Could you retype all of the records exactly, leaving out every picture?

--- Extracted material Enclosed Below ---

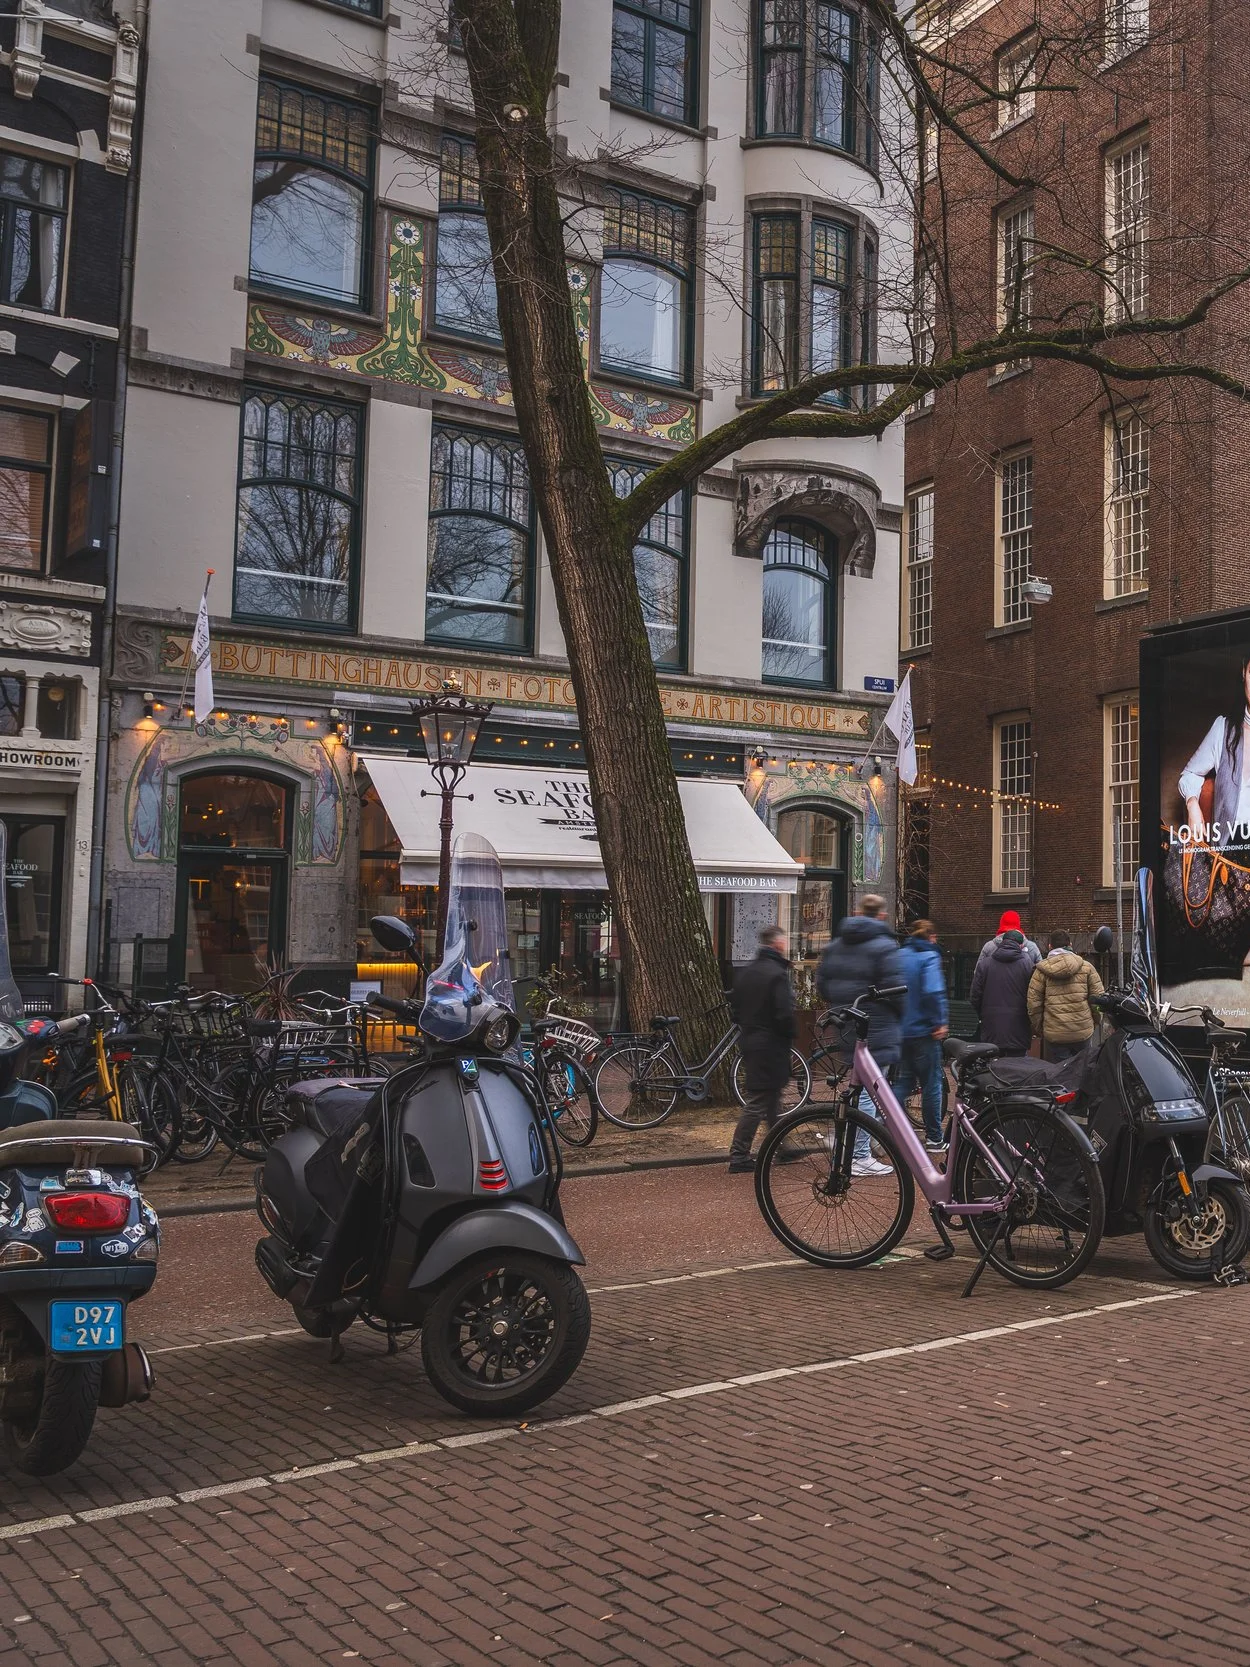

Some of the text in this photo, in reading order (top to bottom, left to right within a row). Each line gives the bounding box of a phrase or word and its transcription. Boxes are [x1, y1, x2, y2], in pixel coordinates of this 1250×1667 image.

[691, 694, 836, 731] ARTISTIQUE
[0, 752, 80, 767] HOWROOM
[562, 808, 595, 820] BA
[1169, 821, 1221, 845] LOUIS
[77, 840, 88, 851] 13
[5, 863, 38, 871] EAFOOD
[714, 876, 757, 887] SEAFOOD
[759, 878, 778, 888] BAR
[1213, 1008, 1220, 1016] Le
[1221, 1007, 1247, 1018] Neverfull
[75, 1306, 115, 1324] D97
[76, 1328, 115, 1345] 2VJ

--- End of Enclosed Extracted material ---

Answer area:
Some of the text in this photo, in reading order (top to bottom, left to right within a row). Each line gives the bounding box of a phrase or word and its transcription. Boxes are [x1, y1, x2, y2], in pixel coordinates of this 1250×1667 image.

[691, 694, 836, 731] ARTISTIQUE
[0, 752, 80, 767] HOWROOM
[562, 808, 595, 820] BA
[1169, 821, 1221, 845] LOUIS
[77, 840, 88, 851] 13
[5, 863, 38, 871] EAFOOD
[714, 876, 757, 887] SEAFOOD
[759, 878, 778, 888] BAR
[1213, 1008, 1220, 1016] Le
[1221, 1007, 1247, 1018] Neverfull
[75, 1306, 115, 1324] D97
[76, 1328, 115, 1345] 2VJ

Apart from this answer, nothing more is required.